Rush’s investment reflects its commitment to modernizing its facilities and making them more efficient and patient-centered. But while cutting-edge facilities are important, nothing is more important than the people that work within them, according to Mr. Butler, who currently serves as president and COO of Rush University Heath System.
He recently sat down with Becker’s Hospital Review to discuss the importance of stable and focused leadership and the importance of recruiting and retaining top-notch talent at all levels of an organization.
Q: What are the most critical capabilities health systems must have, or be actively be working to develop, to be successful in a future that will increasingly reward value over volume?
Peter Butler: Actually the most important competency is superb, stable, focused leadership. The key to success is not a brilliant strategy, but people that can execute. The other competency I would highlight is technology in the broadest sense of the word. It’s hard to believe the iPhone is only five years old, but it is one example of a technology that really transformed. It’s astounding, and how quickly [transformation] can happen [in healthcare], I think we underestimate.
Q: As you look to bring “people that can executive” into your organization or into leadership roles, how do you determine if they are going to be able to provide the focused leadership you’re looking for?
I’ve learned over the years that probably the most important competency I look for when I interview is the capacity to learn and grow. It’s not so much the resume and the experience that somebody brings to the table, but my gut sense of ‘are they going to be able to grow and adapt and take on the challenges that lie ahead?’ Then, I think clearly you have to have a culture that gives space to these leaders to innovate — to not just be told what to do, but to be part of the redesign that is required.

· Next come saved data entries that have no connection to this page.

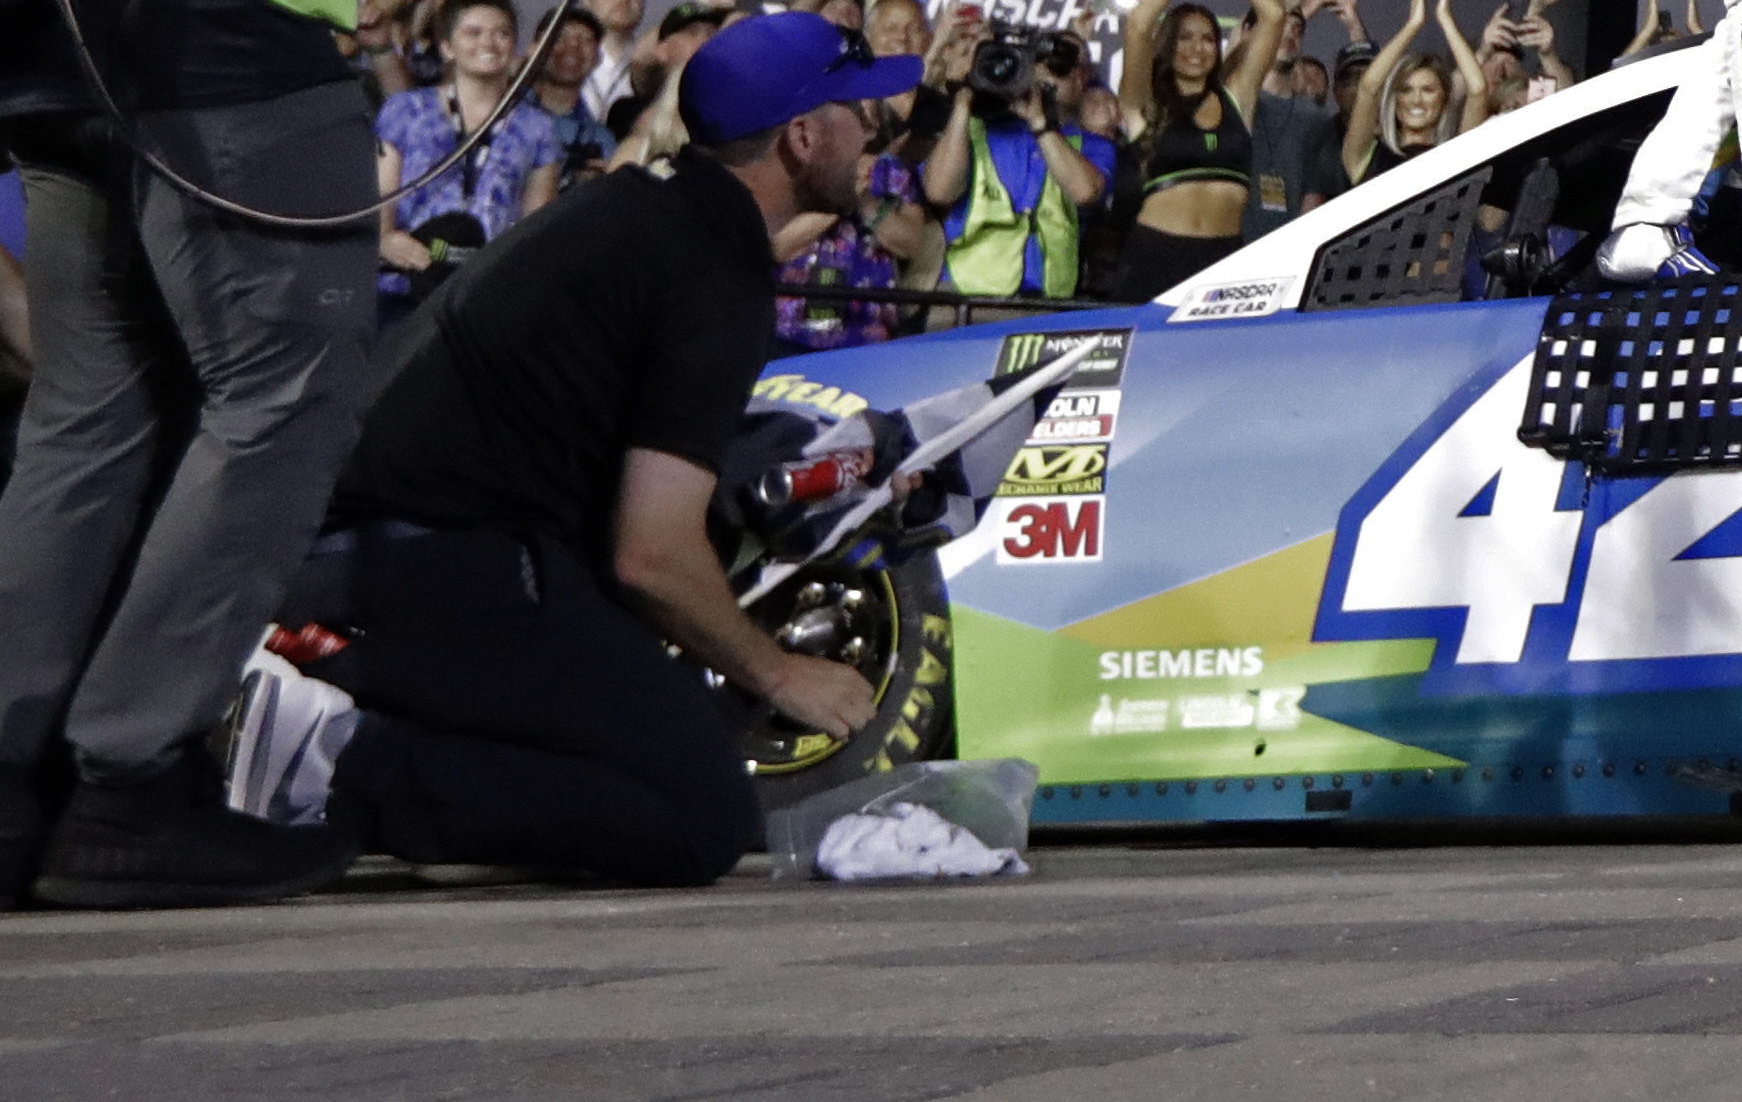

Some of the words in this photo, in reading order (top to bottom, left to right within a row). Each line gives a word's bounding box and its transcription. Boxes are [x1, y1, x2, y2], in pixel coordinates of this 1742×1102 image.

[1188, 304, 1230, 316] RACE
[1233, 301, 1267, 313] CAR
[1033, 419, 1102, 439] ELDERS
[1003, 501, 1099, 558] 3M
[1100, 647, 1263, 680] SIEMENS
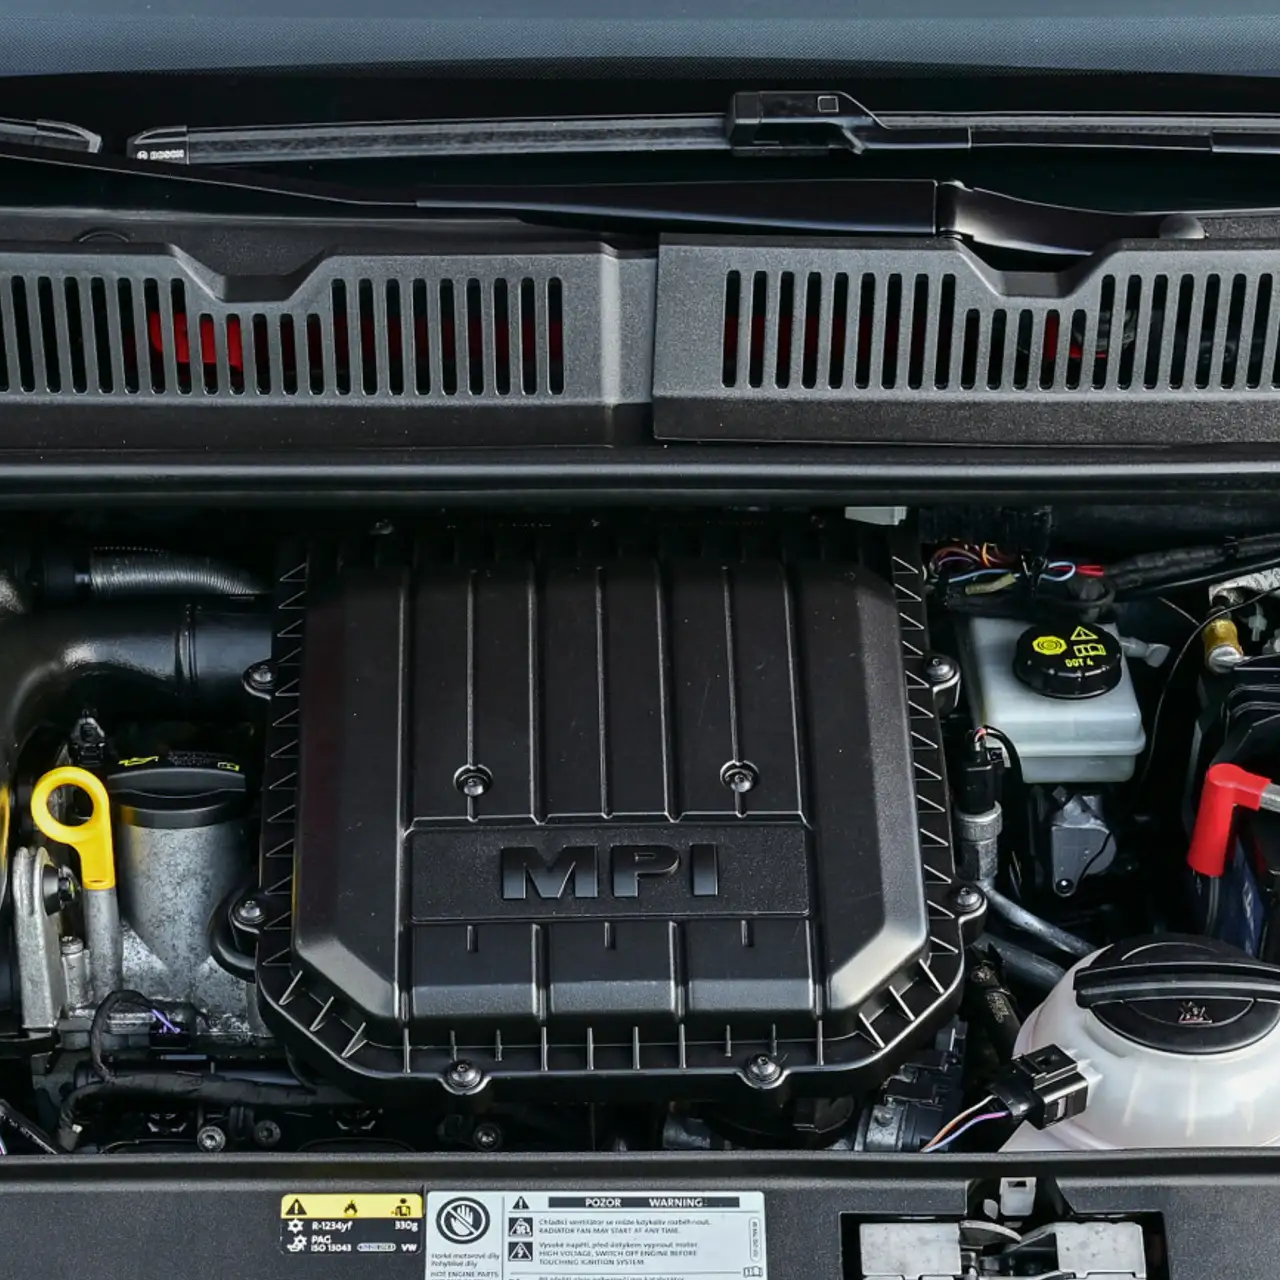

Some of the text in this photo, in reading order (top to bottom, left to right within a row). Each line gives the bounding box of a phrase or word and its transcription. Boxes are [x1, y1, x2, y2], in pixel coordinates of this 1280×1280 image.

[149, 149, 185, 160] BOSCH
[1065, 658, 1083, 668] DOT
[502, 842, 719, 899] MPI
[585, 1198, 703, 1208] POZOR WARNING
[311, 1221, 419, 1233] R-1234yf 330g
[311, 1235, 332, 1243] PAG
[310, 1243, 326, 1252] ISO
[401, 1243, 418, 1252] VW
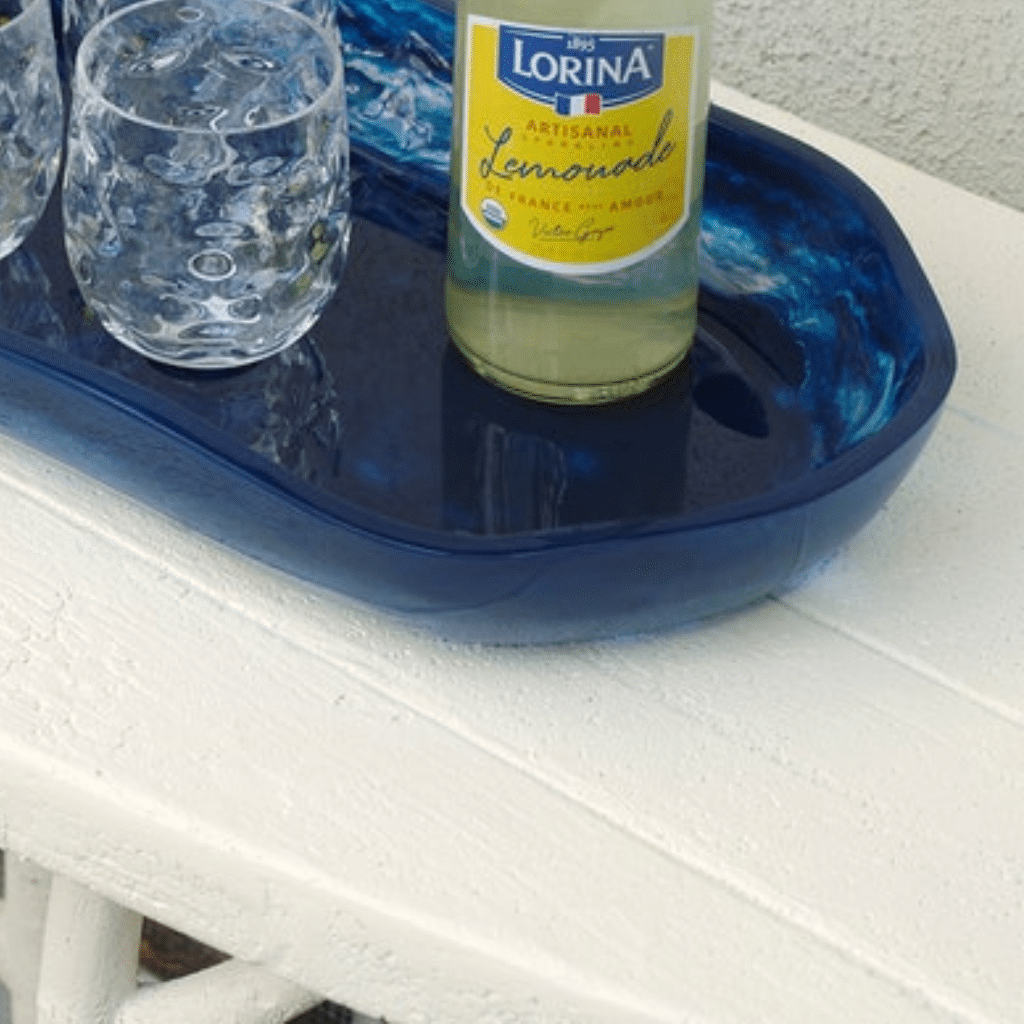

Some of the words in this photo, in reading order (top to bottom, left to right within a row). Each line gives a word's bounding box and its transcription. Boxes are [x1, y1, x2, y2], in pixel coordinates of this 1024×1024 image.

[512, 38, 652, 87] LORINA
[479, 108, 675, 182] Lemonade
[525, 118, 634, 140] ARTISANAL
[509, 190, 571, 214] FRANCE
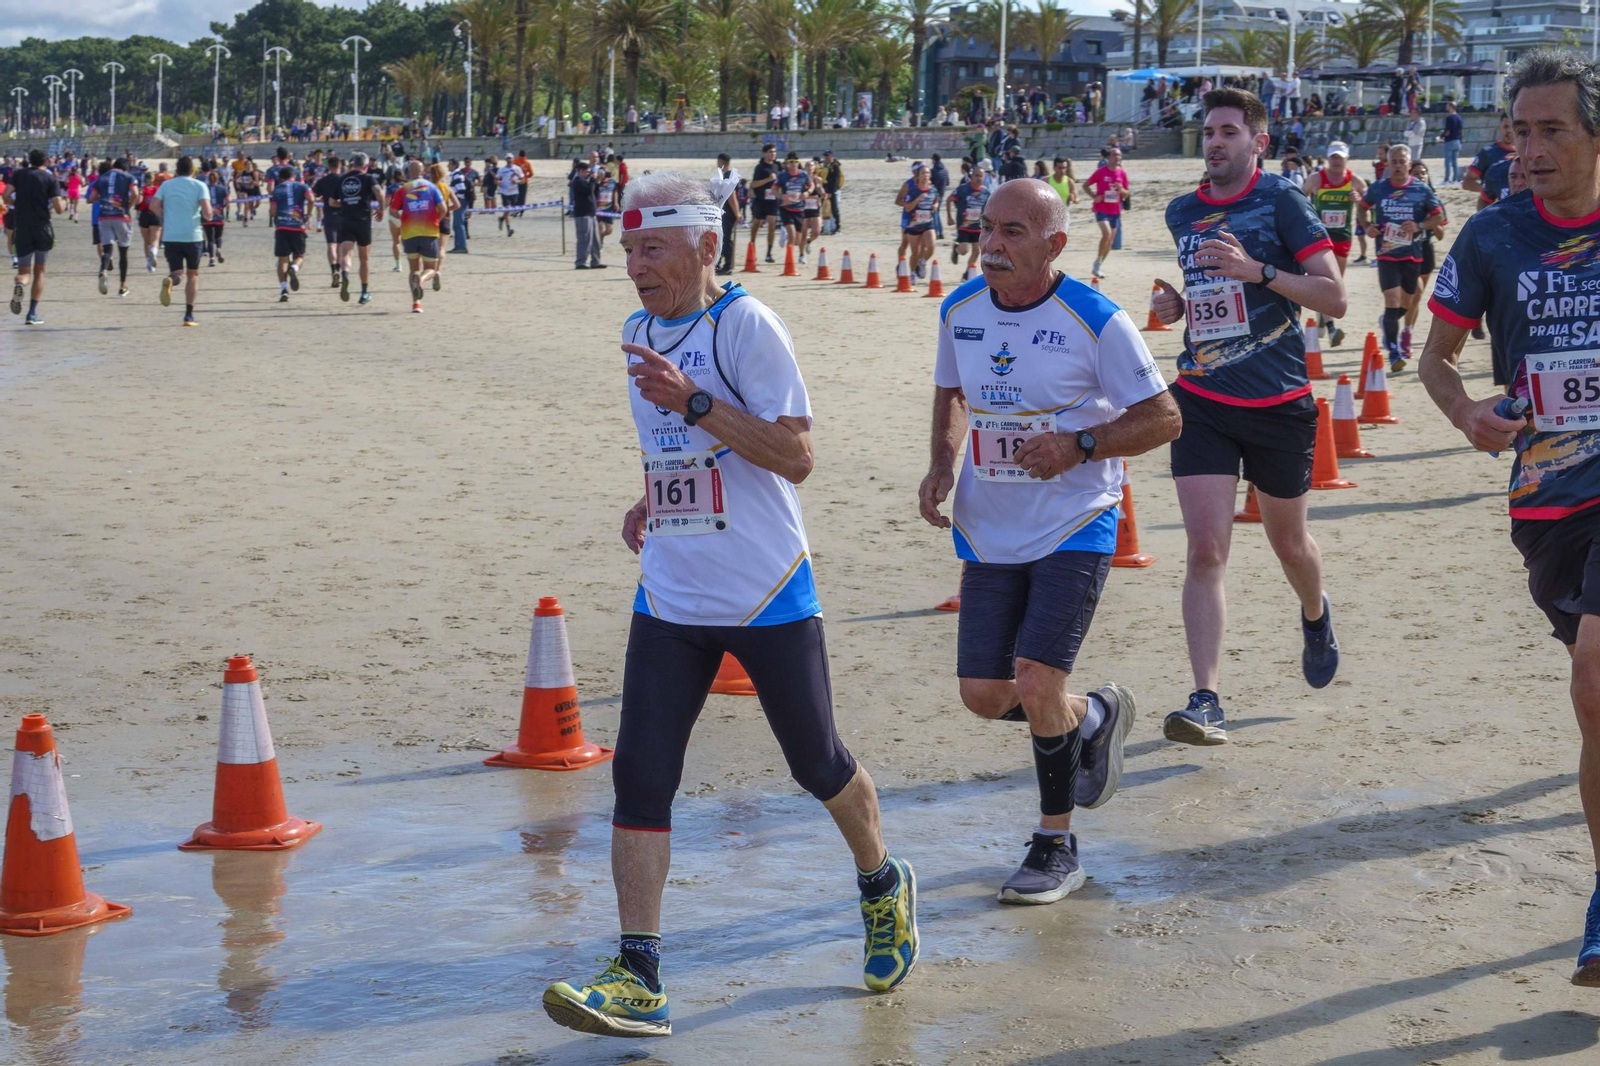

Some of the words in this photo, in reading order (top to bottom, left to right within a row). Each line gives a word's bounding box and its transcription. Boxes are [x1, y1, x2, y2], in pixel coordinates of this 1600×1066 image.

[1195, 300, 1228, 321] 536
[1529, 323, 1569, 337] PRAIA
[1553, 335, 1569, 347] DE
[1041, 343, 1071, 355] seguros
[1568, 357, 1596, 366] CARREIRA
[686, 367, 711, 379] seguros
[981, 384, 1022, 393] ATLETISMO
[1563, 376, 1600, 404] 85
[981, 391, 1022, 402] SAMIL
[654, 477, 696, 506] 161

Q: Many health systems, as you know, are starting to reach outside their four walls and stake a claim for the provision of outpatient care. As an academic medical center, how does the organization balance the traditional focus around employing and training specialists with new realities that necessitate close alignment with primary care providers?
PB: I don’t know anybody that’s not trying to grow primary care, but it’s obviously a supply issue. I would point to the non-physician health professionals as being equally important. We’ve had tremendous growth in our advance practice nurses, and we established a new physician assistant program in the last couple of years that also is an important pipeline. Getting back to strategy, I would say a very important strategy for us is our Rush Health Organization. It has almost 1,000 physicians in it, employed by three hospitals, and it is our physician hospital organization that interfaces with payers and employers and already has a lot of pay-for-performance associated with it and a governance structure that I wouldn’t say is unique but is certainly one that is supportive of the physician-hospital partnership. The organization has been around about 18 years, so it’s had a chance to mature, and it has the data and the competency to perform in the payer environment ahead of us.
Q: Within you day-to-day responsibilities, what single goal or responsibility is most concerning to you?
PB: The most concerning thing to me still is recruitment, retention, development and motivation of the people that you put in place under you to deliver results. In the end it’s all about the people. As long as we can recruit, retain and motivate exceptional people, we can solve the problems we are facing. Without those people, you can have all the facilities in the world, and all the money and all the market position in the world, but you’re not going to be successful unless you have an engaged workforce that is led by exceptional people.
Q: What about your role as a healthcare leader energizes you?
PB: Much of my career I’ve said I want to be somebody where the average person says, somebody finally got it right in healthcare. There’s so many things we know we can and should do better, and I do see with the advancement in technology, the renewed focus on improving the health of the population we serve, and with an increased consumer focus guiding our efforts, I think we’re really going to make amazing strides in creating systems of care people will be excited about having as an option in their healthcare.